● **The task**: Reproduce the records below exactly, but leave their pictures out of the copy.
▬▬▬▬▬▬
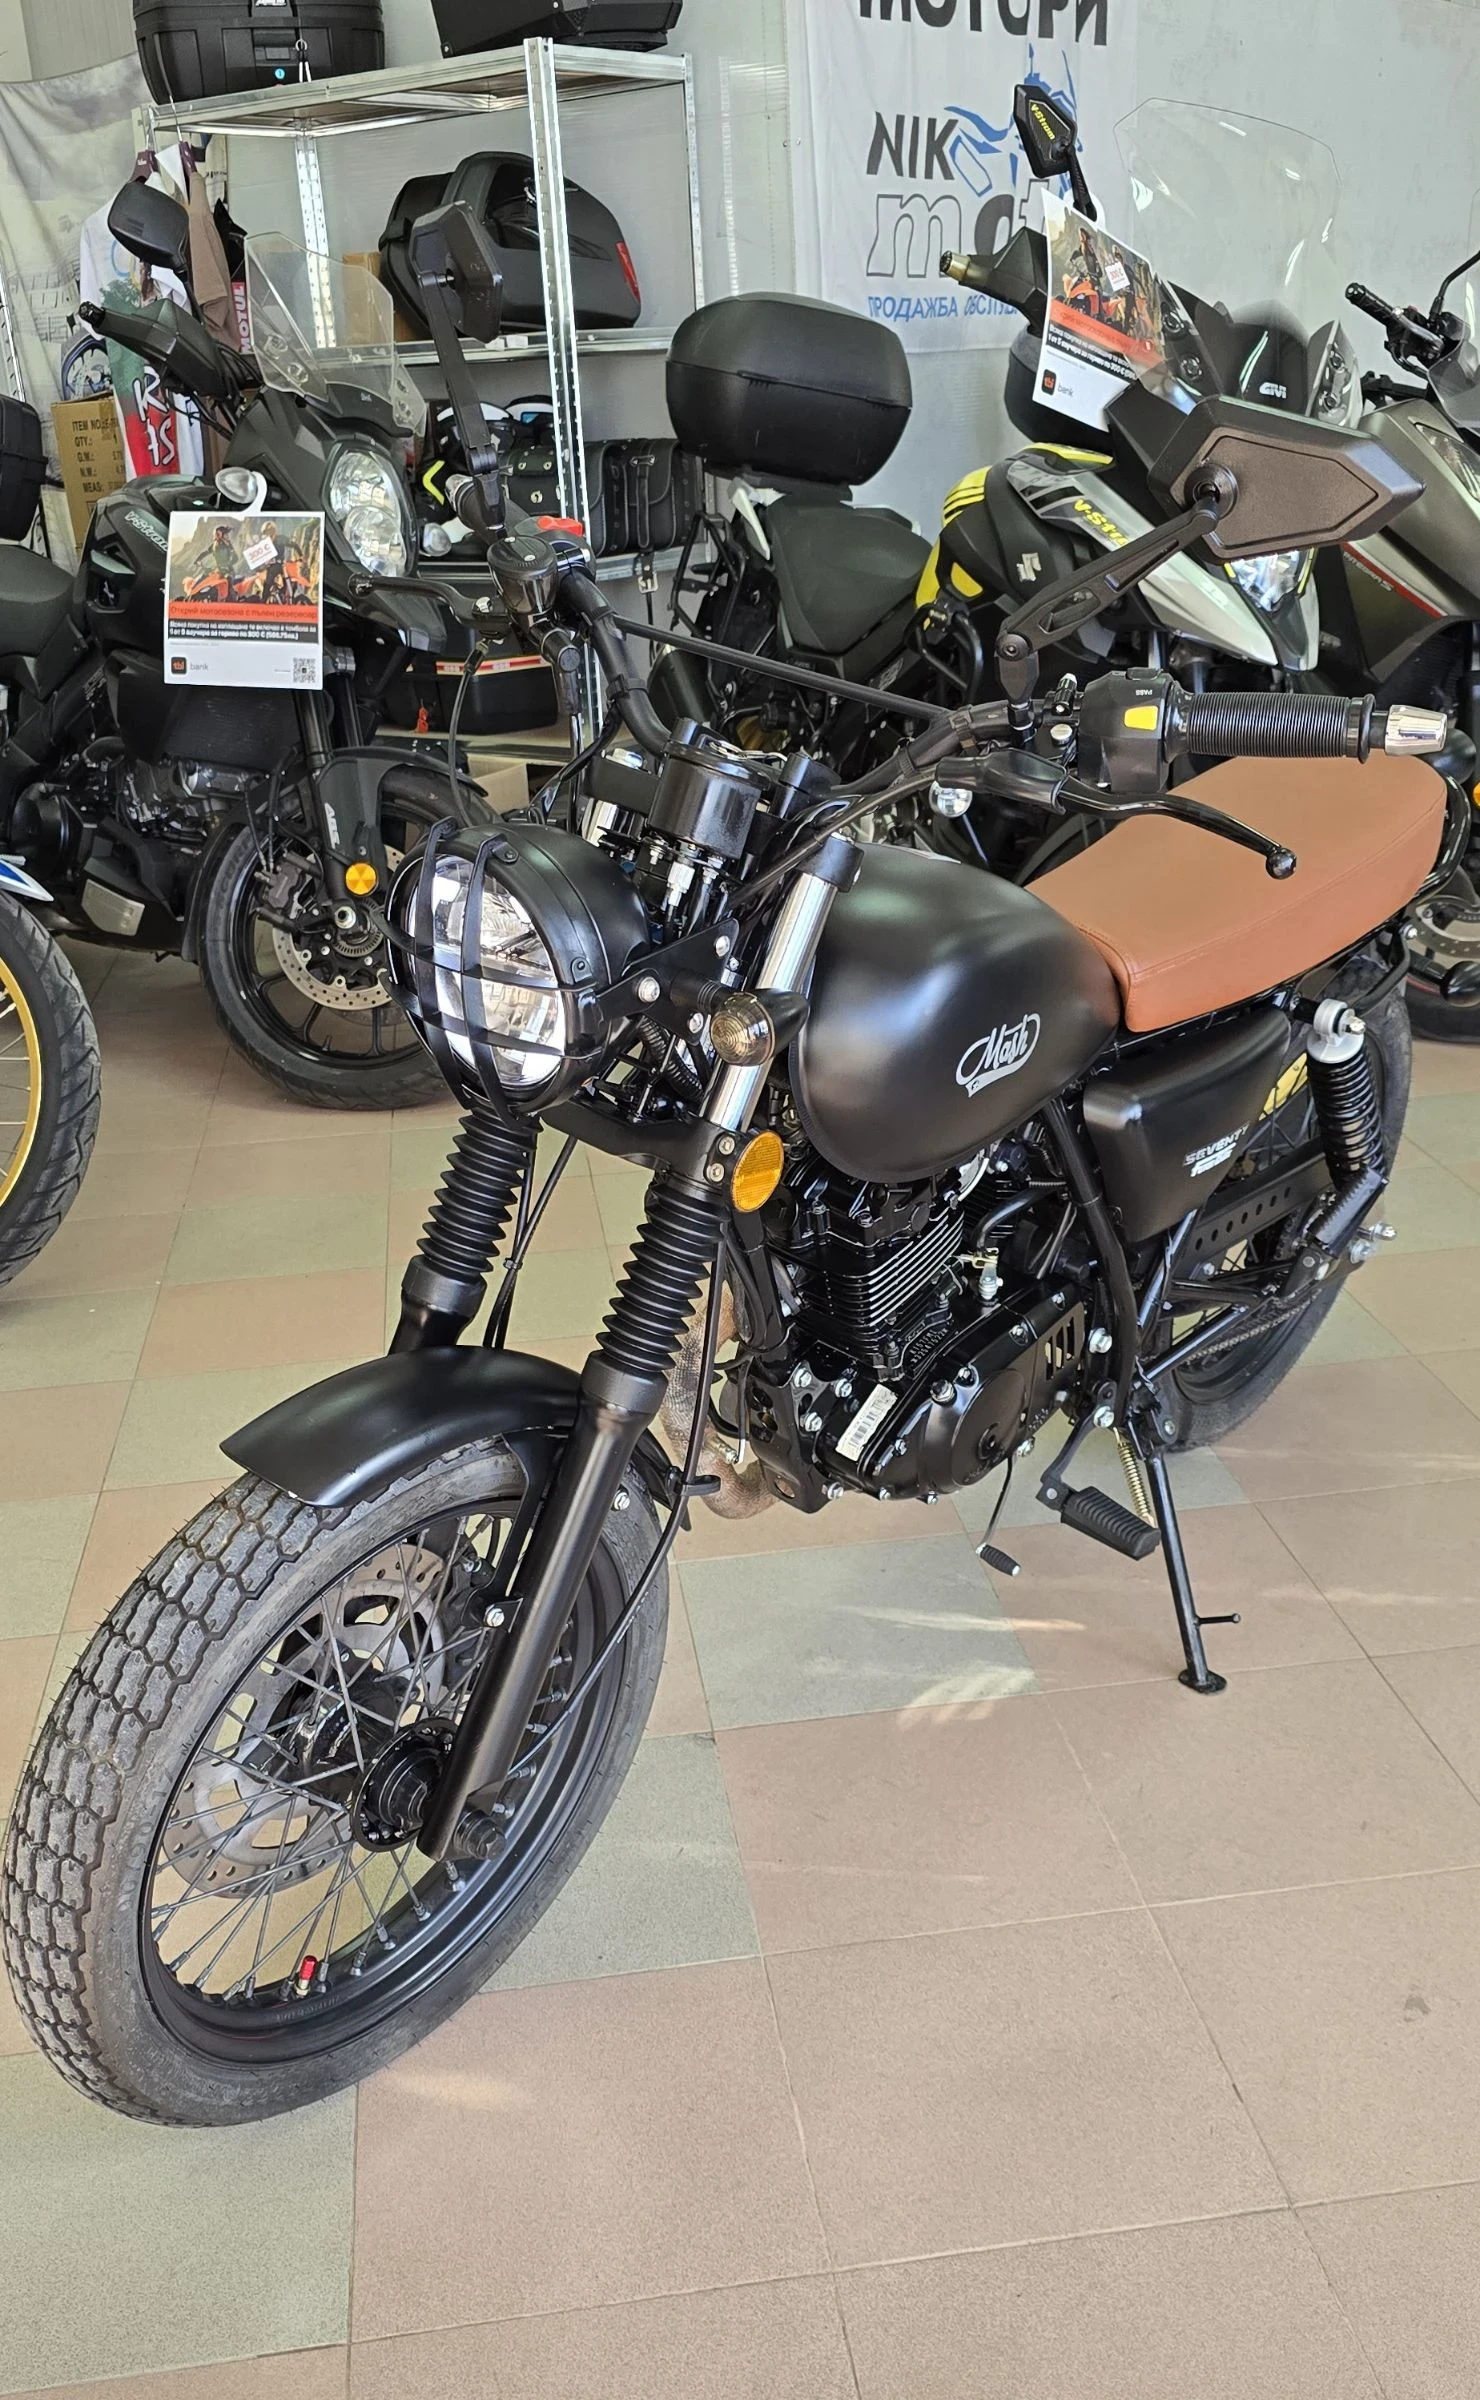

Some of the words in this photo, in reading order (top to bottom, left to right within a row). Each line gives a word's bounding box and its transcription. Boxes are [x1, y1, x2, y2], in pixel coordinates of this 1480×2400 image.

[860, 0, 1107, 46] ТОРИ
[866, 111, 958, 180] NIK
[1031, 103, 1056, 140] V-Strom
[866, 178, 1050, 278] mot
[233, 286, 253, 353] MOTUL
[868, 296, 958, 322] ПРОДАЖБА
[1073, 499, 1129, 549] V-Stro
[956, 1012, 1041, 1086] Mash
[1183, 1120, 1251, 1167] SEVENTY
▬▬▬▬▬▬
● **Reply**:
Some of the words in this photo, in reading order (top to bottom, left to right within a row). Each line gives a word's bounding box and its transcription. Boxes are [x1, y1, x2, y2], in pixel coordinates of this 1480×2400 image.

[860, 0, 1107, 46] ТОРИ
[866, 111, 958, 180] NIK
[1031, 103, 1056, 140] V-Strom
[866, 178, 1050, 278] mot
[233, 286, 253, 353] MOTUL
[868, 296, 958, 322] ПРОДАЖБА
[1073, 499, 1129, 549] V-Stro
[956, 1012, 1041, 1086] Mash
[1183, 1120, 1251, 1167] SEVENTY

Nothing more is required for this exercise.